しかし、実際にデータを理解するためには「測定 → 補正 → 解析」という一連の流れを正しく理解する必要があります。
この記事では、フローサイトメトリーの解析の流れを、初心者の方にもわかりやすく解説します。
バラバラに見えがちな「コンペンセーション」「ゲーティング」「ドットプロット」が、どのようにつながっているのかを整理していきましょう。
フローサイトメトリー解析の全体像
フローサイトメトリーの解析は、大きく3つのステップに分かれます。
- ① 測定(細胞の情報を取得する)
- ② 補正(データのズレを直す)
- ③ 解析(目的の細胞を読み取る)
この流れを意識することで、解析全体が一気に理解しやすくなります。
① 測定|細胞の情報を取得する
フローサイトメーターでは、細胞が1つずつ流れながらレーザーに当たり、さまざまな情報が取得されます。
主な情報は以下の2つです。
- FSC(Forward Scatter):細胞の大きさ
- SSC(Side Scatter):細胞の内部構造の複雑さ
さらに、蛍光抗体を用いることで、細胞表面のCD抗原なども同時に測定できます。
ここで得られるのが「生データ」です。
フローサイトメトリー入門②FSC・SSC・ゲーティングをやさしく解説【図解】
② コンペンセーション|蛍光の重なりを補正する
複数の蛍光色素を使用すると、それぞれの光が完全に分離されず、隣の検出器に“にじむ”ことがあります。
これをスペクトルオーバーラップと呼びます。
このままでは正しい解析ができないため、コンペンセーション(補正)によって、このズレを取り除きます。

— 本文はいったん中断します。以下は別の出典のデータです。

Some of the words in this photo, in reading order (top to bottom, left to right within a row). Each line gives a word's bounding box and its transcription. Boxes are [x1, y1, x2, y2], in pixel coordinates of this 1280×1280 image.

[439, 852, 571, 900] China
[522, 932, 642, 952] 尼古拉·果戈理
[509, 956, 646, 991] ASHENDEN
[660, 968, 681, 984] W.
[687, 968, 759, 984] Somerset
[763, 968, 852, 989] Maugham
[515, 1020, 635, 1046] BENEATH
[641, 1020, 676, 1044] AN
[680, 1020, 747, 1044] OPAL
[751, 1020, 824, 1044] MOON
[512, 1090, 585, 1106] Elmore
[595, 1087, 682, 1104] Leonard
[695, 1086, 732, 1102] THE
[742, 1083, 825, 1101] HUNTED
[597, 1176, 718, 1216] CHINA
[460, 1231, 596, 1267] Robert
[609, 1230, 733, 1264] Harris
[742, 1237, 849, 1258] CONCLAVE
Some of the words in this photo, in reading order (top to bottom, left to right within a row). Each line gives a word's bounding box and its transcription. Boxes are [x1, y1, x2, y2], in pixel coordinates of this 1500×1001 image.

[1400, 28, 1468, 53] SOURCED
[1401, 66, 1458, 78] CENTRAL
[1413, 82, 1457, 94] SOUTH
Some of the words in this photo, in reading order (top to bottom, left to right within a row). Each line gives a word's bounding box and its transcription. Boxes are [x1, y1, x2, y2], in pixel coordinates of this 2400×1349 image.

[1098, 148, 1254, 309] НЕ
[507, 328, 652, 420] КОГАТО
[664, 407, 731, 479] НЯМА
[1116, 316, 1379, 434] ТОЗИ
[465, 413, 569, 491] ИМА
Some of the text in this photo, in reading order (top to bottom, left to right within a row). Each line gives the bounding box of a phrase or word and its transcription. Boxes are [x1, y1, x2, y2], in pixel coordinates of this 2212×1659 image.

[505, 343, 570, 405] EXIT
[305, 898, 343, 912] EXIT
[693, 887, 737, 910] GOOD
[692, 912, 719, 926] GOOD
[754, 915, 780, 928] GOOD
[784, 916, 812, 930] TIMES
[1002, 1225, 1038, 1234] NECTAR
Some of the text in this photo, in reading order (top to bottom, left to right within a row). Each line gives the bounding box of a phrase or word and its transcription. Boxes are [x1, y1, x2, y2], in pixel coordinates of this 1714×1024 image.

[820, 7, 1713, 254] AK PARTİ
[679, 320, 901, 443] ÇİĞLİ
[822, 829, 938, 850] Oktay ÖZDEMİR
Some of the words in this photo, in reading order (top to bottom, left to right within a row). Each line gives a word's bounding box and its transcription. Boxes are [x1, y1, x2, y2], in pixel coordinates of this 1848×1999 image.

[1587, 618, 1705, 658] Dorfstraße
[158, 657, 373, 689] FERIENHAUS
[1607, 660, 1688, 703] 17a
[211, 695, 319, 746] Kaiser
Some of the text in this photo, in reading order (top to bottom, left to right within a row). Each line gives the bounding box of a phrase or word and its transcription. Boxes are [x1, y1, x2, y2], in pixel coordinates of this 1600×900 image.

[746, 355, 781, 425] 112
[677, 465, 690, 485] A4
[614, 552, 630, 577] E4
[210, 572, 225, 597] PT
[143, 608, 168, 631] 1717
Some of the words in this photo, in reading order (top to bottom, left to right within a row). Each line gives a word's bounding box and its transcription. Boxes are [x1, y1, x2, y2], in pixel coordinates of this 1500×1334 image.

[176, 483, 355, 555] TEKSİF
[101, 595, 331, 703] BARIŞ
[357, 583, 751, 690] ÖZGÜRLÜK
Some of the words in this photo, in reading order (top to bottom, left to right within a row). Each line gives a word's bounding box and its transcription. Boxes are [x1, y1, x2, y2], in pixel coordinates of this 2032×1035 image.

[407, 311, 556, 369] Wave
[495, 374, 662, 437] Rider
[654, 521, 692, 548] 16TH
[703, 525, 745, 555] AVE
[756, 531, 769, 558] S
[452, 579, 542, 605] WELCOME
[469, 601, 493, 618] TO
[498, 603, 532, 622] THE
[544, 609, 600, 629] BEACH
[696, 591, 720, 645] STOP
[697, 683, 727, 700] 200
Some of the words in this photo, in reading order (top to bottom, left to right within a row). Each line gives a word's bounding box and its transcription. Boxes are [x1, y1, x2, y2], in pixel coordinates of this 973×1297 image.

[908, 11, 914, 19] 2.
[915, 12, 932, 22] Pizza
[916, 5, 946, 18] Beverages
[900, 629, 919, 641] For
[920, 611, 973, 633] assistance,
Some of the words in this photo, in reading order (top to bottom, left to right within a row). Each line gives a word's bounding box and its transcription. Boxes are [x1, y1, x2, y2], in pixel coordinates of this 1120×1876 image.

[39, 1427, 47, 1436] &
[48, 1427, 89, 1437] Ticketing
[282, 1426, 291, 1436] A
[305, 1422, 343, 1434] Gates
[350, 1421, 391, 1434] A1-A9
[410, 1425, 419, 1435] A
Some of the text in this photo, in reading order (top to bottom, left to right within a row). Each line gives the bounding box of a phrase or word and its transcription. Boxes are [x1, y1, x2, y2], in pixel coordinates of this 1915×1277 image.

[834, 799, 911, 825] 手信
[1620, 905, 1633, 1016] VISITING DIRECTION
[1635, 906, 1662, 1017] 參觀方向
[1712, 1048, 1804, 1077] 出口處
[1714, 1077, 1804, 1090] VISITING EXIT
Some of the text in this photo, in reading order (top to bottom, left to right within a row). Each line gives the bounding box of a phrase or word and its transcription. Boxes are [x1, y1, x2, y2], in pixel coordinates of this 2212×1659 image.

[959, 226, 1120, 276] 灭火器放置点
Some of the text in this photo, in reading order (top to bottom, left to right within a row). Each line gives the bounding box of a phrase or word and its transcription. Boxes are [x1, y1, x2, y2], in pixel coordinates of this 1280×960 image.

ここでのポイントは、補正は「解析の前」に必ず必要ということです。
③ ゲーティング|解析対象の細胞を選ぶ
測定データには、目的の細胞以外にも
- ゴミ(デブリ)
- 壊れた細胞
- 別の細胞種
などが含まれています。
そこで行うのがゲーティングです。
例えば、
- FSC × SSCでリンパ球を選ぶ
- その中から特定の細胞群を抽出する
といった操作を行います。
**ゲーティングは「どの細胞を見るかを決める作業」**です。
ドットプロット|細胞の性質を読み取る
ドットプロットでは、2つの指標を使って細胞を可視化します。
例えば
CD4(横軸)× CD8(縦軸)
のように設定すると、
1つの点=1つの細胞として表示されます。
このとき、グラフは4つの領域に分かれます。
- 左下:両方陰性
- 右上:両方陽性
- 左上・右下:どちらか一方のみ陽性
この分布から、細胞の種類や状態を読み取ります。
よくある失敗と注意点
フローサイトメトリー解析では、以下のようなミスがよく起こります。
- コンペンセーション不足 → データがズレる
- ゲーティングが雑 → 不正確な結果になる
- 軸の意味を理解していない → 誤解釈につながる
各ステップが正しく行われてはじめて、信頼できるデータになります。
まとめ
フローサイトメトリーの解析は、
- 測定
- 補正(コンペンセーション)
- 解析(ゲーティング・ドットプロット)
という流れで成り立っています。
この順番を意識することで、個々の知識がつながり、理解が一気に深まります。